= GOAL OF THE EXERCISE =
This exercise calls for every record to be returned exactly, with pictures removed.

= RECORD EXCERPTS =
======
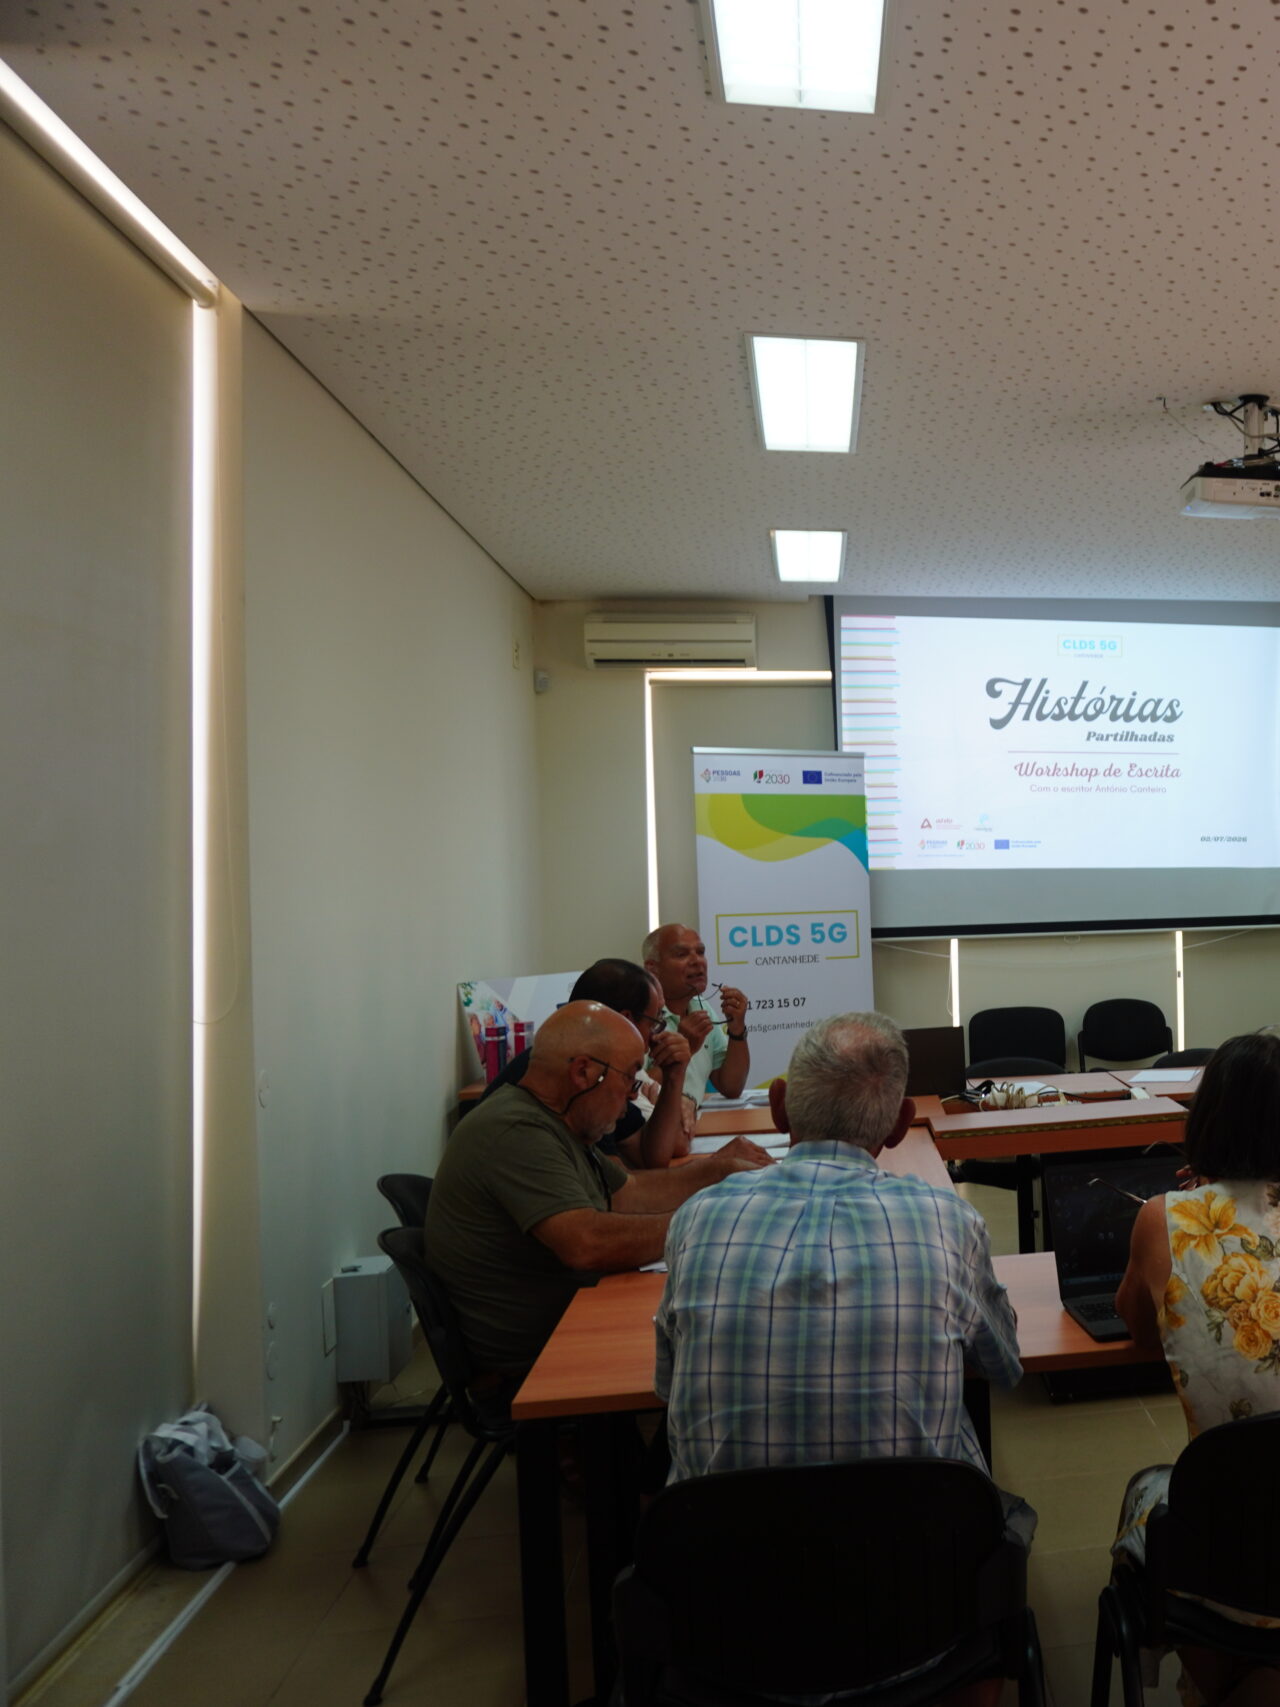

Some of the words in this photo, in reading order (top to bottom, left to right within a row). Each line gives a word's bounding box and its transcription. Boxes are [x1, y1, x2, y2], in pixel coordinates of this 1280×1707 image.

[1062, 639, 1096, 650] CLDS
[1100, 640, 1118, 651] 5G
[985, 677, 1183, 730] Histórias
[1085, 730, 1175, 743] Partilhadas
[712, 769, 741, 777] PESSOAS
[1013, 761, 1099, 783] Workshop
[1102, 763, 1122, 778] de
[1126, 762, 1181, 778] Escrita
[765, 773, 791, 785] 2030
[1029, 784, 1051, 793] Com
[1061, 784, 1092, 793] escritor
[1094, 784, 1128, 793] António
[728, 923, 801, 948] CLDS
[810, 922, 848, 944] 5G
[755, 954, 820, 967] CANTANHEDE
[755, 999, 774, 1010] 723
[777, 998, 790, 1009] 15
[793, 997, 806, 1007] 07
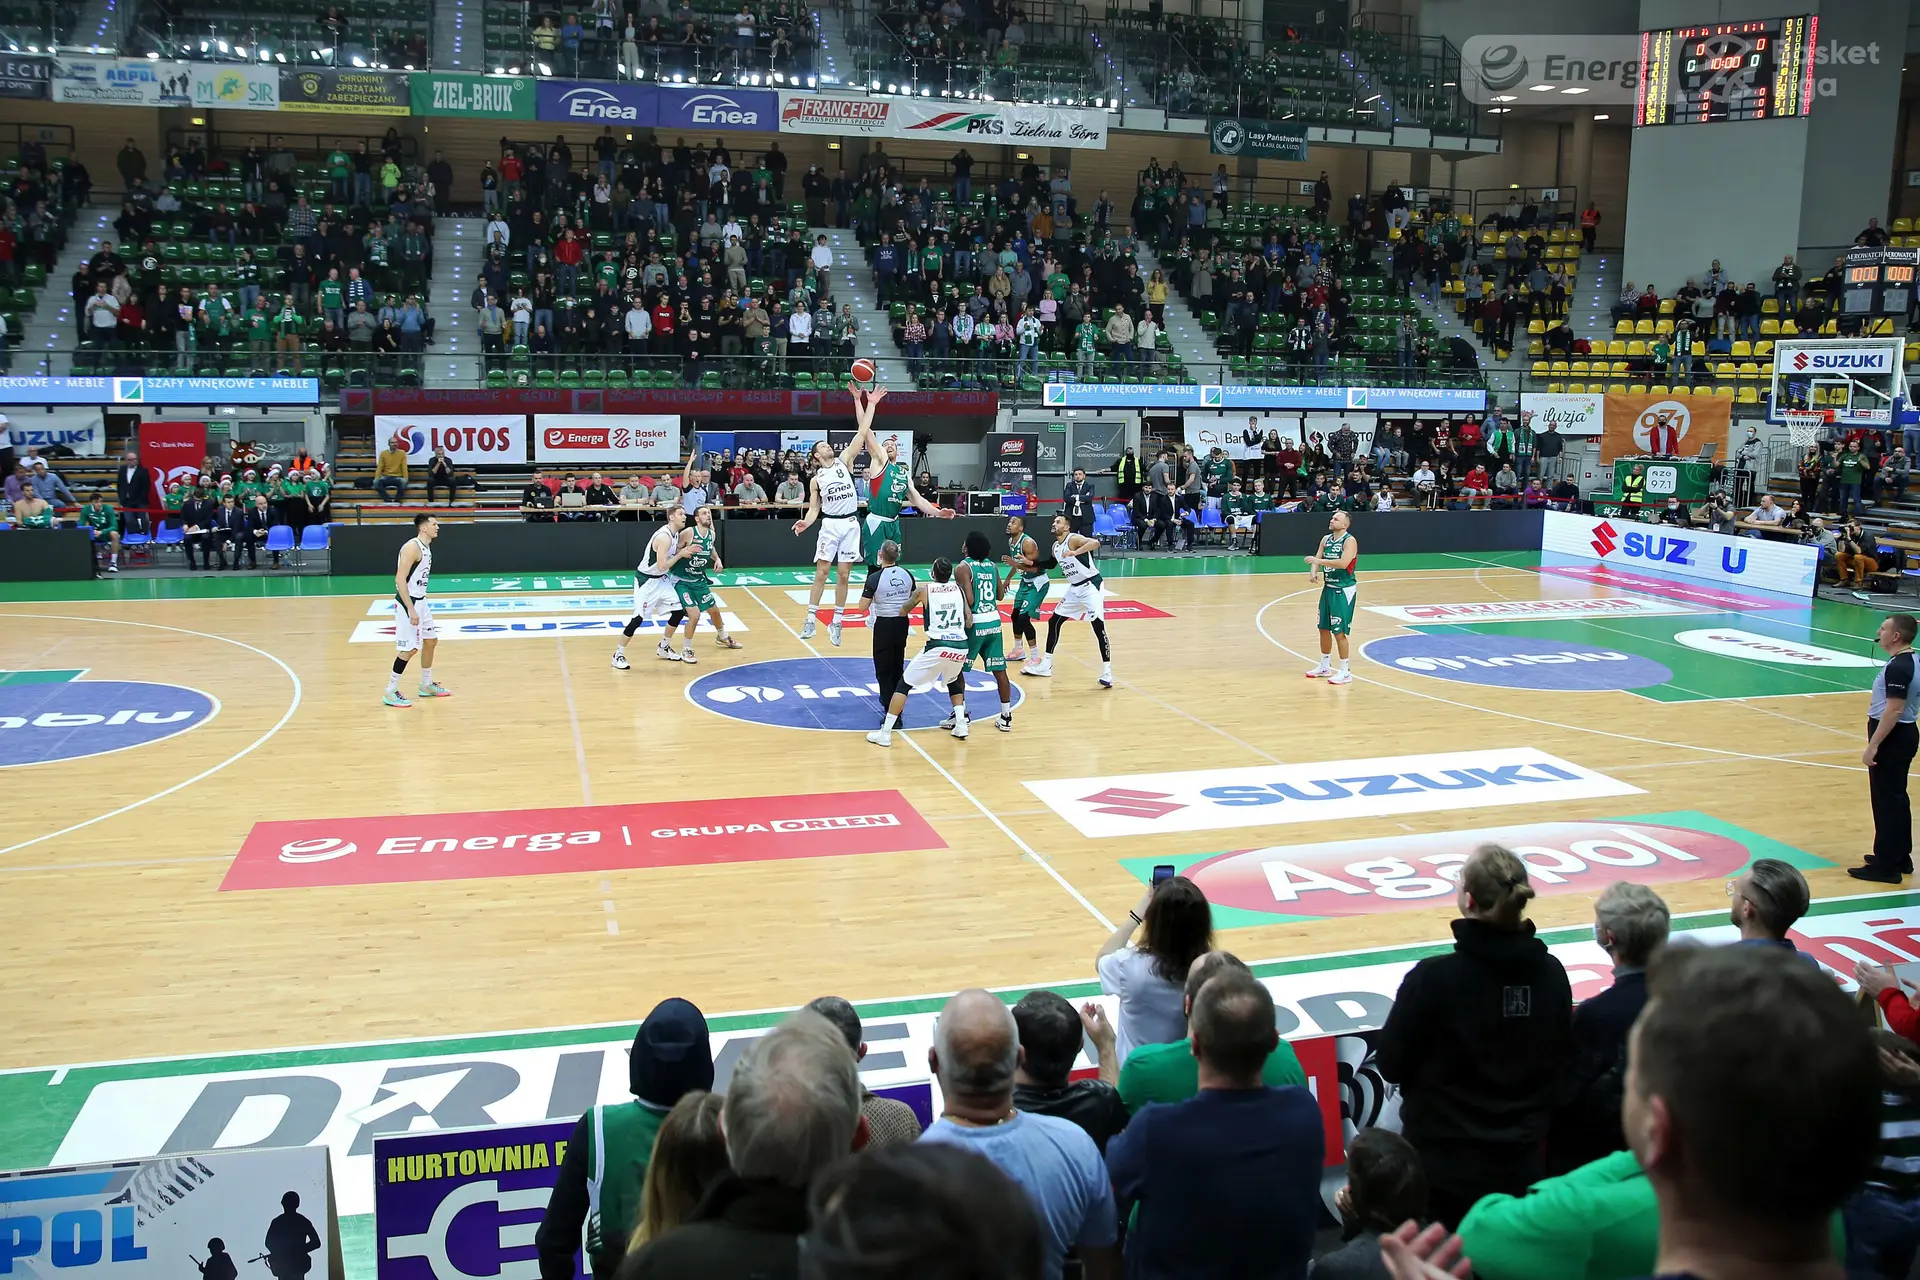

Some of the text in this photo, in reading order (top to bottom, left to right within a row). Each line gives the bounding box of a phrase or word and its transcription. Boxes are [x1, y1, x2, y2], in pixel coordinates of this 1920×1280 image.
======
= RESPONSE TO THIS EXERCISE =
Some of the words in this photo, in reading order (top to bottom, left to right within a row). Each line gives a word's bounding box and its transcription. Boxes are [x1, y1, x2, y2], in pixel coordinates of this 1280×1707 image.

[1062, 639, 1096, 650] CLDS
[1100, 640, 1118, 651] 5G
[985, 677, 1183, 730] Histórias
[1085, 730, 1175, 743] Partilhadas
[712, 769, 741, 777] PESSOAS
[1013, 761, 1099, 783] Workshop
[1102, 763, 1122, 778] de
[1126, 762, 1181, 778] Escrita
[765, 773, 791, 785] 2030
[1029, 784, 1051, 793] Com
[1061, 784, 1092, 793] escritor
[1094, 784, 1128, 793] António
[728, 923, 801, 948] CLDS
[810, 922, 848, 944] 5G
[755, 954, 820, 967] CANTANHEDE
[755, 999, 774, 1010] 723
[777, 998, 790, 1009] 15
[793, 997, 806, 1007] 07

Some of the text in this photo, in reading order (top to bottom, left to right within a row). Each line gives the bounding box of a phrase or word and its transcription. Boxes are [x1, y1, x2, y2], in pixel coordinates of this 1920×1280 image.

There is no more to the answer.